This solves the cross-domain problem because tokens are sent in the request header, not as cookies. Headers work the same way regardless of which domain the request comes from.

This solves the scalability problem because the server doesn't store sessions. Verifying a token is a quick cryptographic check, not a database lookup.

This solves the mobile problem because any client that can send HTTP headers can use JWT. Mobile apps, desktop apps, other servers – they all work the same way.

Step 1: How to Set Up the Project and Install the Dependecies

1.1 How to Create the Project

Open your terminal, navigate to where you want your project to live, and run the following commands:

mkdir notes-project

cd notes-project

1.2 How to Create a Virtual Environment and Install the Required Dependencies

You will create a virtual environment here. Type the following command:

python3 -m venv venv

The above command creates a virtual environment inside a folder called venv. The first venv is the command and the second venv represents the name of the folder. You can name the folder anything though venv is usually preferred.

To activate the virtual environment, we need to use the following command:

On macOS/Linux:

source venv/bin/activate

On Windows:

venv\Scripts\activate

You'll know it worked when you see (venv) at the beginning of your terminal prompt. From this point on, any Python packages you install will only exist inside this virtual environment.

With the virutal environment activated, install Django, Django Rest Framework, and Simple JWT Framework using the command:

pip install django djangorestframework djangorestframework-simplejwt 

You can verify everything installed correctly by running:

pip list

You should see all three packages listed along with their dependencies.

1.3 How to Create the Project and the App

Run the following command to create the Django project:

django-admin startproject notes_core .

The dot at the end is important. It tells Django to create the project files in your current directory instead of creating an extra nested folder.

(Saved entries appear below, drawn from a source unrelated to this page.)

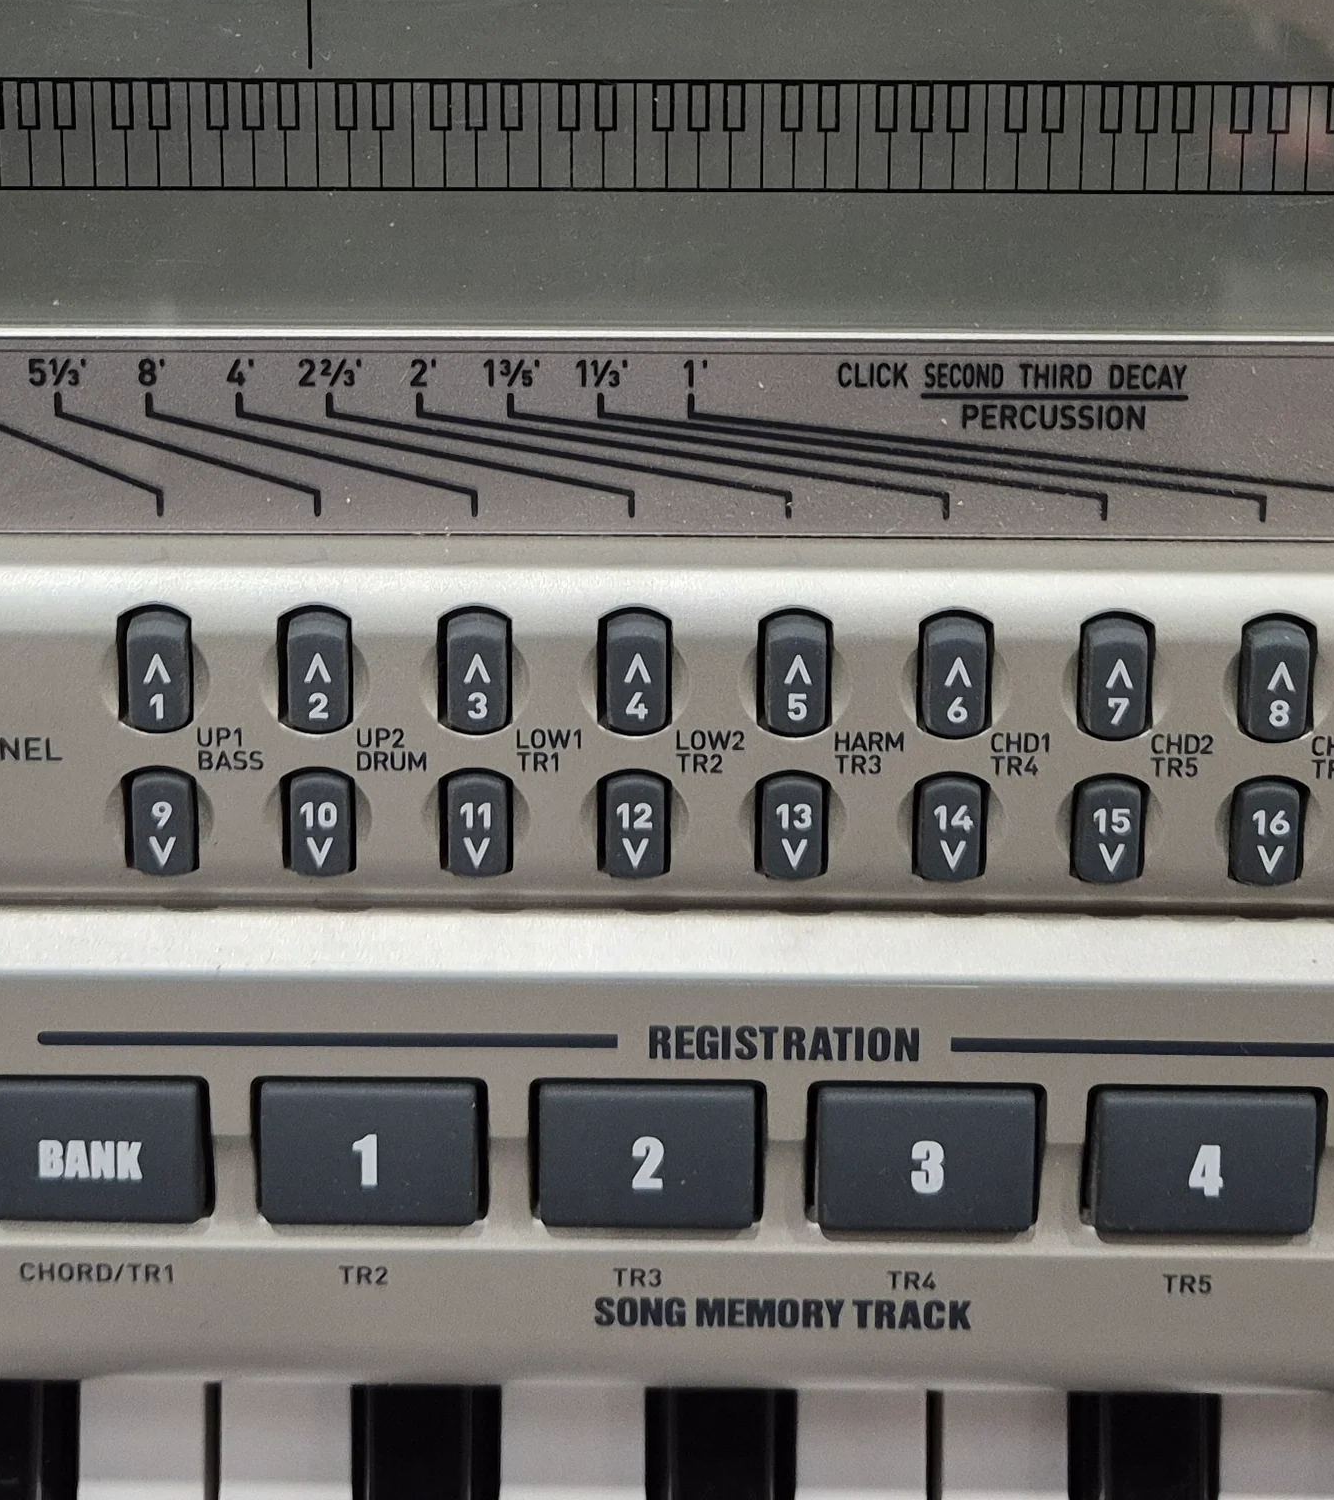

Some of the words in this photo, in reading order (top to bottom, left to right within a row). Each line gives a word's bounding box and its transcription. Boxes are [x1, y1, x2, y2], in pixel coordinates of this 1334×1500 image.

[137, 357, 166, 387] 8'
[226, 358, 255, 387] 4'
[409, 358, 437, 388] 2'
[683, 359, 708, 389] 1'
[837, 361, 909, 389] CLICK
[924, 362, 1004, 390] SECOND
[1018, 362, 1093, 390] THIRD
[1108, 363, 1187, 391] DECAY
[961, 403, 1146, 431] PERCUSSION
[149, 693, 164, 720] 1
[308, 692, 329, 720] 2
[467, 691, 488, 720] 3
[625, 691, 649, 720] 4
[787, 693, 807, 721] 5
[947, 696, 968, 724] 6
[1107, 697, 1130, 725] 7
[1268, 699, 1290, 728] 8
[196, 727, 243, 748] UP1
[356, 727, 405, 749] UP2
[516, 728, 582, 750] LOW1
[675, 729, 745, 751] LOW2
[834, 731, 905, 752] HARM
[990, 732, 1050, 754] CHD1
[1150, 733, 1214, 755] CHD2
[197, 750, 264, 771] BASS
[356, 750, 427, 772] DRUM
[517, 751, 559, 772] TR1
[676, 753, 724, 775] TR2
[835, 754, 882, 775] TR3
[991, 755, 1039, 777] TR4
[1151, 756, 1198, 778] TR5
[151, 801, 173, 828] 9
[300, 801, 338, 829] 10
[460, 802, 491, 829] 11
[616, 802, 653, 829] 12
[776, 803, 812, 830] 13
[934, 805, 974, 832] 14
[1093, 808, 1131, 834] 15
[1252, 809, 1291, 836] 16
[648, 1025, 920, 1063] REGISTRATION
[38, 1139, 143, 1181] BANK
[352, 1133, 378, 1187] 1
[631, 1136, 665, 1190] 2
[910, 1140, 945, 1194] 3
[1188, 1144, 1224, 1197] 4
[19, 1262, 174, 1283] CHORD/TR1
[340, 1266, 388, 1286] TR2
[614, 1268, 662, 1288] TR3
[889, 1271, 936, 1291] TR4
[1164, 1274, 1212, 1295] TR5
[594, 1297, 686, 1328] SONG
[695, 1298, 845, 1329] MEMORY
[852, 1299, 971, 1331] TRACK

Now let's type this command to create the app:

python manage.py startapp notes

1.4 How to Register the App and Django Rest Framework (DRF)

Open notes_core/settings.py and add rest_framework and notes in the INSTALLED_APPS list:

Django now knows about your new app and the REST framework. Let's move on to the most important architectural decision you'll make for this project.

Step 2: How to Create a Custom User Model

If you've built Django projects before, you might have used Django's default User model. For quick prototypes, that works fine. But for any project you plan to grow or maintain, starting with a custom user model is a best practice you should never skip.

Here's why: Django's default User model uses a username field as the primary identifier. If you later decide you want users to log in with their email address instead, or you need to add a profile picture field, or a phone number, then you're stuck.

Using a custom user model gives you full control over what a "user" means in your app. Instead of being tied to a username, you can design login around something more practical, like email or phone_number for a fitness or mobile-based app. You can also include fields like role (doctor, patient, receptionist in a clinic system) or date of birth directly in the user model, instead of managing a separate profile.

It also helps future-proof your project. If you start with the default model and later decide to switch login from username to email, or add required fields, it becomes difficult and risky to change. Using a custom user model from the beginning avoids this problem and makes it much easier to adapt your authentication system as your app grows.

By creating a custom user model from the start, even if it's identical to the default one, you give yourself the freedom to make changes later without any of that pain.

2.1 How to Define the Custom User Model

Open notes/models/py and add the following code:

from django.contrib.auth.models import AbstractUser
from django.db import models

class CustomUser(AbstractUser):
    pass

You are importing Django’s built-in AbstractUser class.

Think of AbstractUser as a ready-made blueprint for a user. It already includes fields like username, password, email, first name, last name , and authentication logic.

The pass statement means you're not adding any extra fields yet.

But the key point is that this model is yours. So this model behaves exactly like Django’s default user model, but with one big advantage: you now have the flexibility to customize it later.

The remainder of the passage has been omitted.